La amenaza cuántica para Ethereum se ha convertido en realidad: Google ha reducido el umbral de ataque en 20 veces, pero la protección ya está en camino.
El mundo de las criptomonedas entra en una nueva era. En marzo de 2026, el equipo de investigación Google Quantum AI presentó resultados que cambian radicalmente la percepción sobre la seguridad de las blockchains. Según estos datos, para vulnerar la protección criptográfica de Ethereum se necesitarán aproximadamente 20 veces menos recursos computacionales de lo que se creía anteriormente. No se trata de una amenaza hipotética lejana: ya se han mencionado plazos concretos, y por ahora solo una red blockchain se prepara seriamente para repeler el ataque.

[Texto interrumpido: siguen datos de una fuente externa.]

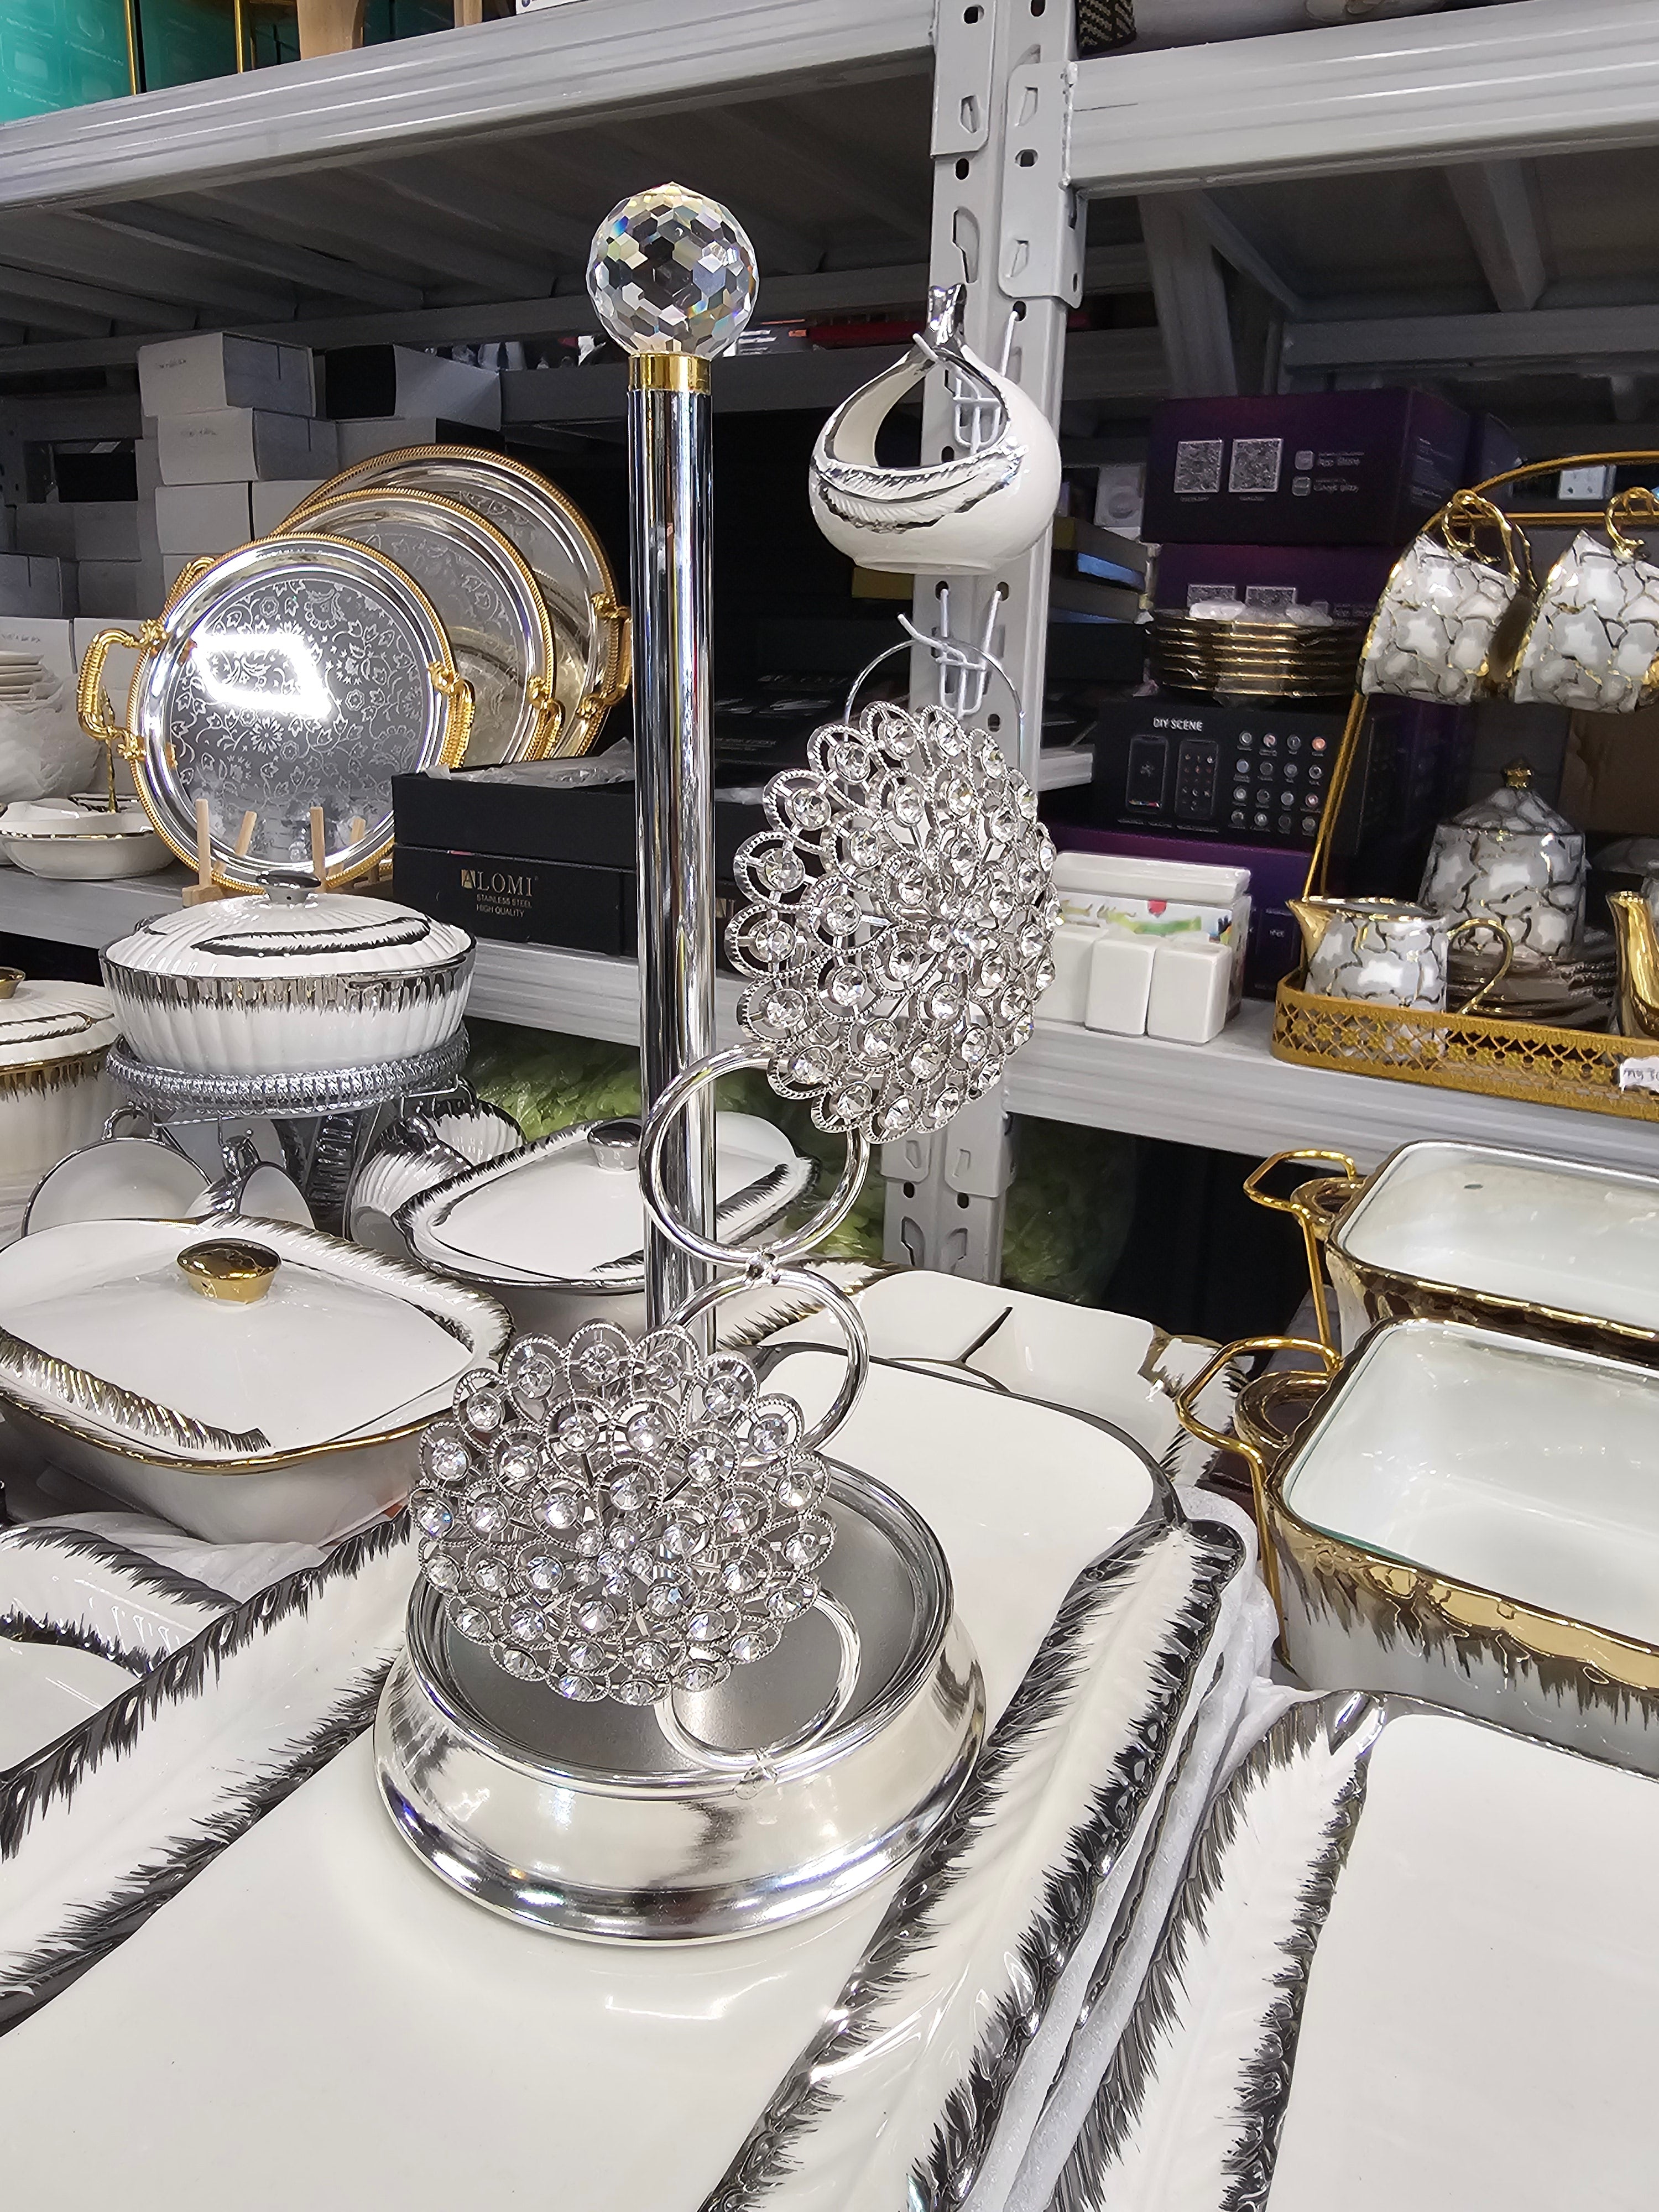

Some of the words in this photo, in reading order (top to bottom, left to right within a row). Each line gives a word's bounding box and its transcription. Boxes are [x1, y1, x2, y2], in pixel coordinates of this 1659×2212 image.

[1153, 717, 1169, 728] DIY
[1170, 718, 1203, 732] SCENE
[461, 869, 533, 897] ALOMI
[476, 894, 511, 905] STAINLESS
[512, 898, 532, 909] STEEL
[476, 904, 494, 914] HIGH
[494, 906, 525, 918] QUALITY

Umbral reducido: ¿qué significa esto para Ethereum?
Anteriormente, los expertos estimaban que para vulnerar el esquema de firma electrónica ECDSA, que protege cada cuenta de Ethereum, se necesitarían decenas de miles de cúbits lógicos. El nuevo trabajo de Google reduce esta estimación a aproximadamente 1200 cúbits. La compañía considera esta proyección bastante realista y ya ha establecido un plazo interno para migrar sus propios sistemas a protección poscuántica: el año 2029.

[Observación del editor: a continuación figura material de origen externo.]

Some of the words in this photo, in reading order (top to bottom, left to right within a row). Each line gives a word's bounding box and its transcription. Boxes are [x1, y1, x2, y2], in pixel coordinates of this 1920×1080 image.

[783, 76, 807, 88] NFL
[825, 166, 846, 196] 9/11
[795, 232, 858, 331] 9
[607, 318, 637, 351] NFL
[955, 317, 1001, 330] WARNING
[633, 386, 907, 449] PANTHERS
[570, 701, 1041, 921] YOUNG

¿Por qué es esto crítico? ECDSA es un algoritmo de firma digital que se utiliza para verificar cada transacción. Cuando envías fondos, tu clave pública se revela en la cadena. Una computadora cuántica lo suficientemente potente podrá calcular a partir de ella la clave privada y vaciar la billetera. Los sistemas cuánticos actuales aún no pueden hacerlo, pero 1200 cúbits ya son un punto de referencia concreto al que los ingenieros pueden ajustarse. Es notable que aproximadamente el 0,1% de los fondos en la red Ethereum ya se encuentran en direcciones con claves públicas reveladas; estas billeteras son vulnerables hoy mismo.
La amenaza no solo afecta a los poseedores de ETH. Están en riesgo las firmas de los validadores, las garantías de disponibilidad de datos y los sistemas de prueba de conocimiento cero, en los que se basan la mayoría de los protocolos rollup. Toda esta infraestructura se apoya en matemáticas que una computadora cuántica lo suficientemente potente podría vulnerar.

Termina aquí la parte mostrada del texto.